This article discusses challenging resource allocation decisions in Italy in response to COVID-19 from the perspective of medical ethics.
Italy has experienced the largest COVID-19 outbreak in Europe, with the country’s northern region particularly severely affected. Due to the limited supply of ventilators, case surge in northern Italy has required application of prioritization criteria to allocate scarce resources among patients in need of critical care. While the article notes that these decisions are currently being precipitated by an extraordinary emergency, the author argues that the rationing of scarce resources is common in the recent history of medicine. The author cites initial scarcity of dialysis beds and ongoing allocation of transplantable organs as examples of prioritization criteria being applied to life-sustaining care that leaves some without when demand exceeds supply.

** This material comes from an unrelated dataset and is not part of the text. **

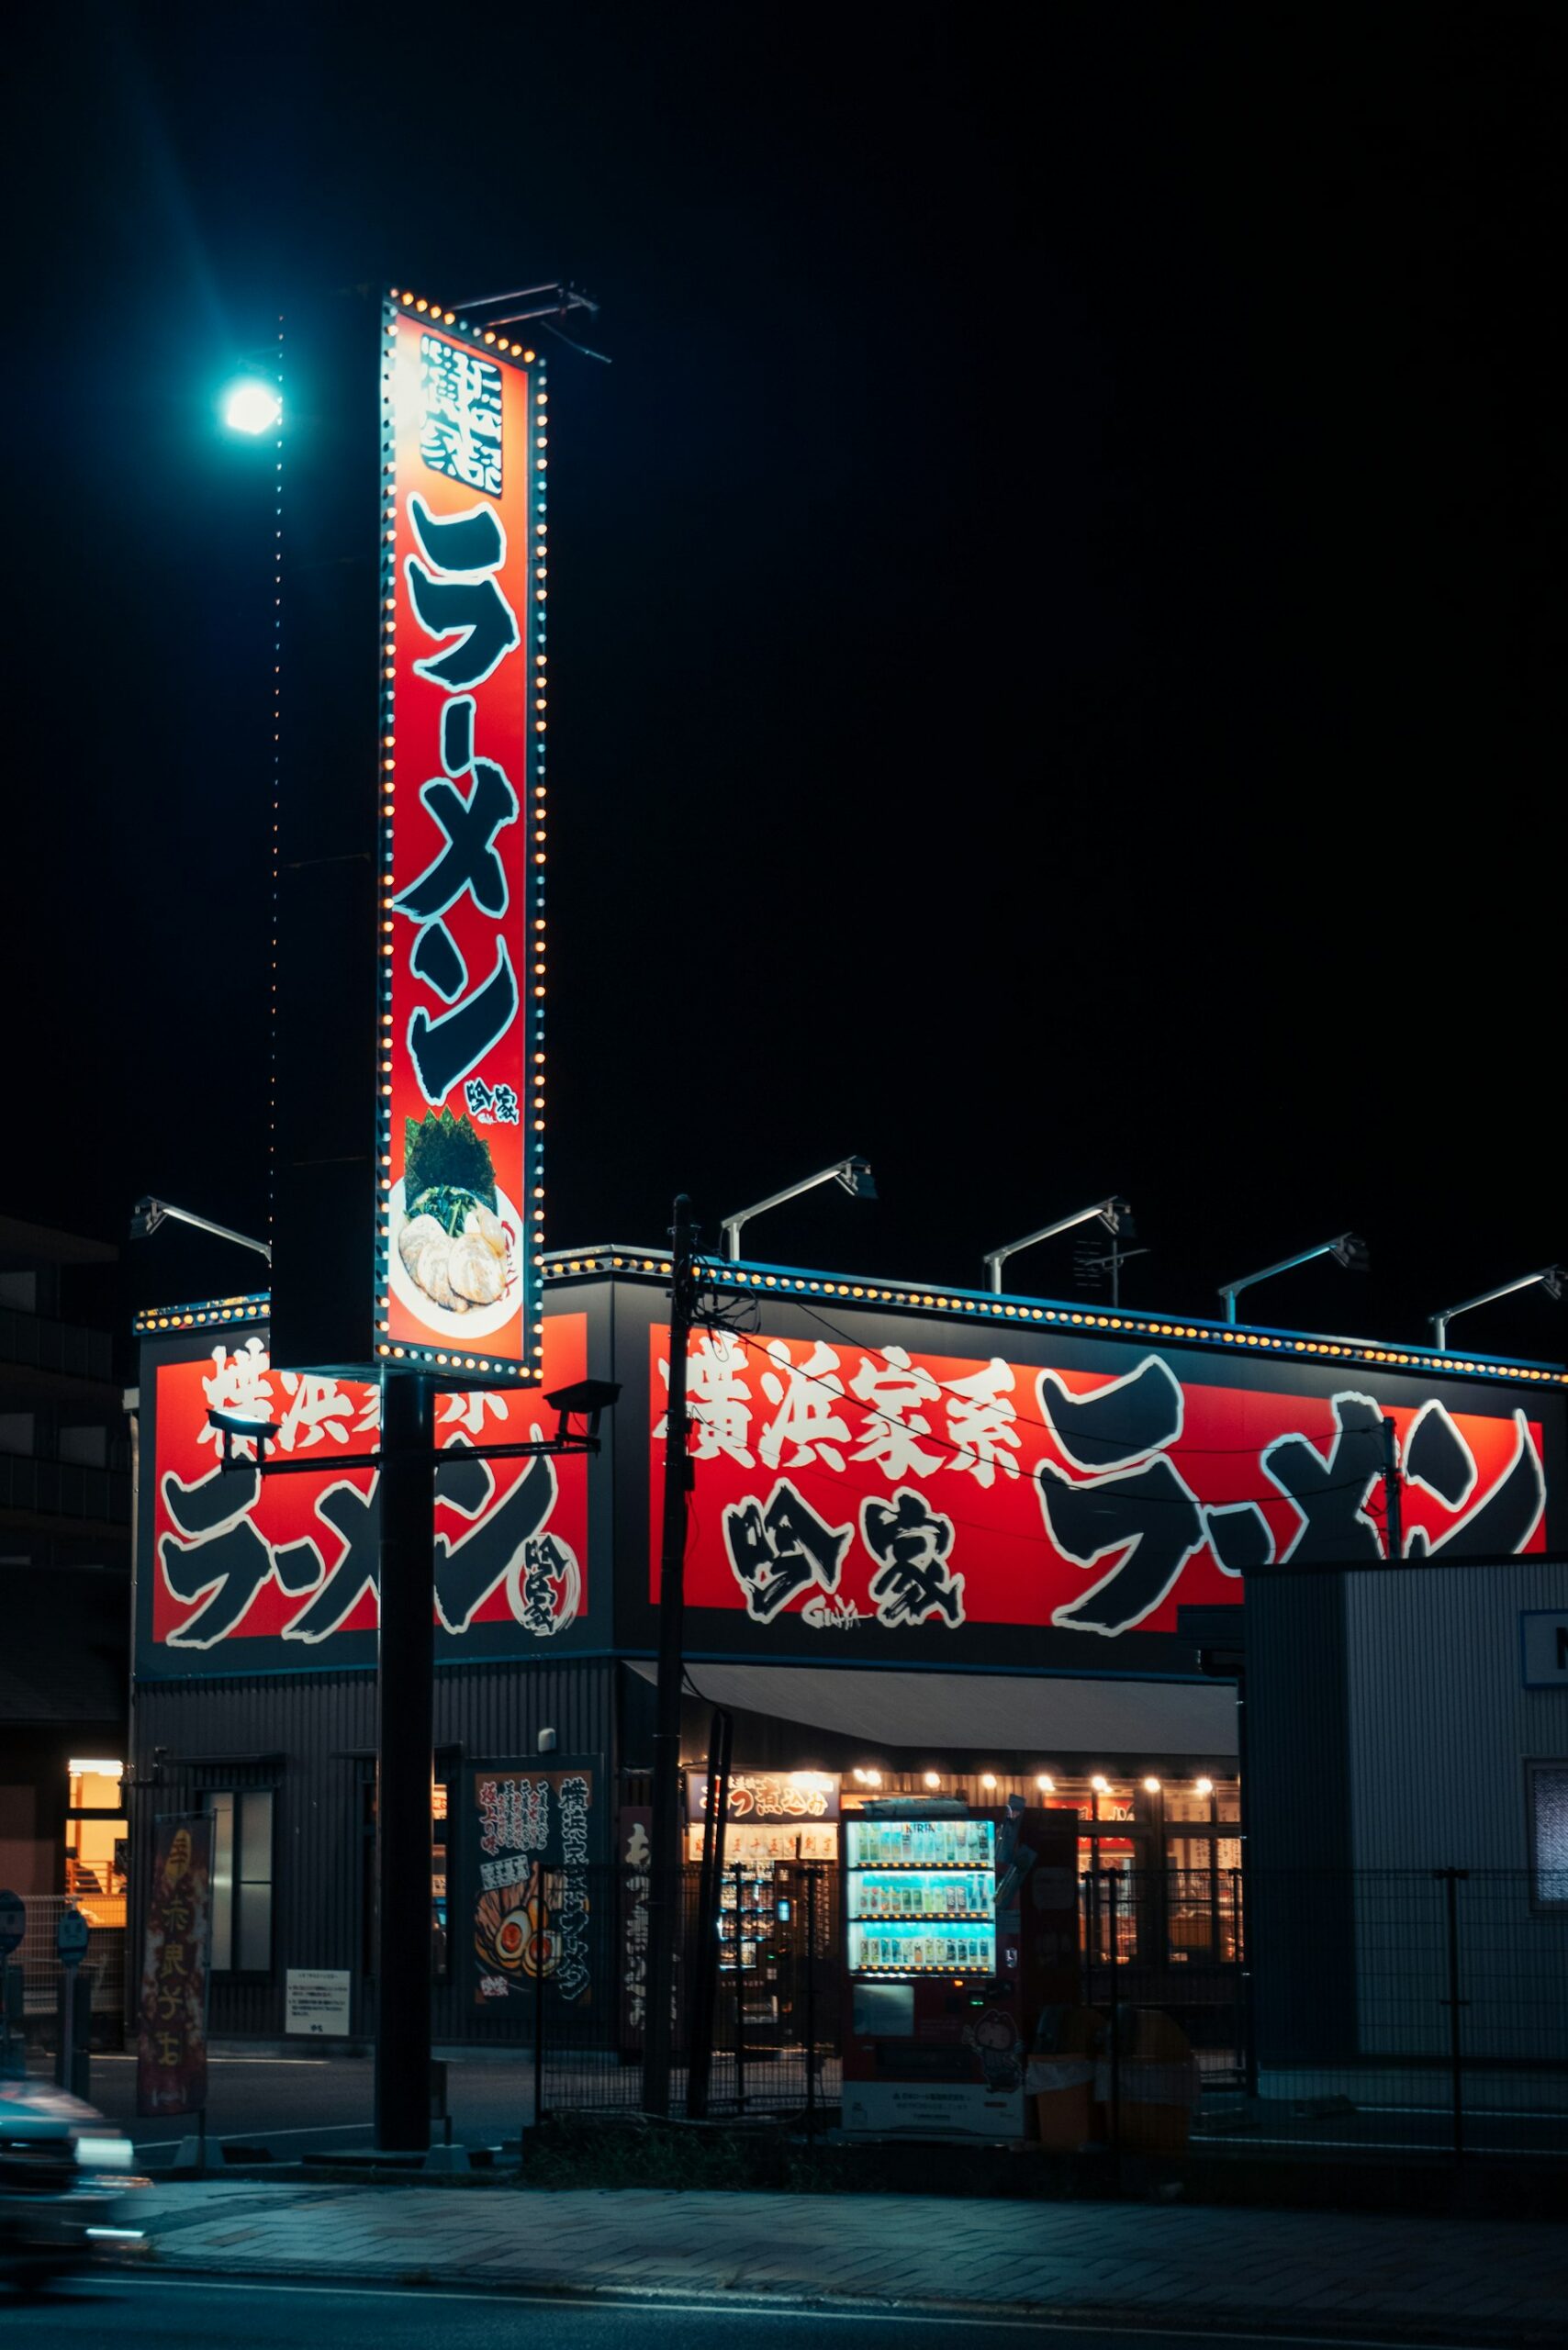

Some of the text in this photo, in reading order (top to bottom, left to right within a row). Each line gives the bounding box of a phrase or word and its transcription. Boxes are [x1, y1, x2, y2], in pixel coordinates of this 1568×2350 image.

[392, 491, 521, 1106] ラーメン
[652, 1330, 1022, 1488] 横浜家系

The article does, however, argue that the current crisis is unusual in that the outbreak affects an extraordinarily high number of people, meaning that prioritization may apply across an entire population, rather than a smaller, finite group, such as those awaiting organ transplants. This can be difficult to reconcile in a high-income country where persons are accustomed to a right to accessing health care services and being offered the best available care. The principle of justice states that equals should be treated equally and all lives should be treated as equally valuable, and the author argues that in the case of allocating scarce resources this is consistent with prioritizing resources in ways that are more likely to save the most lives.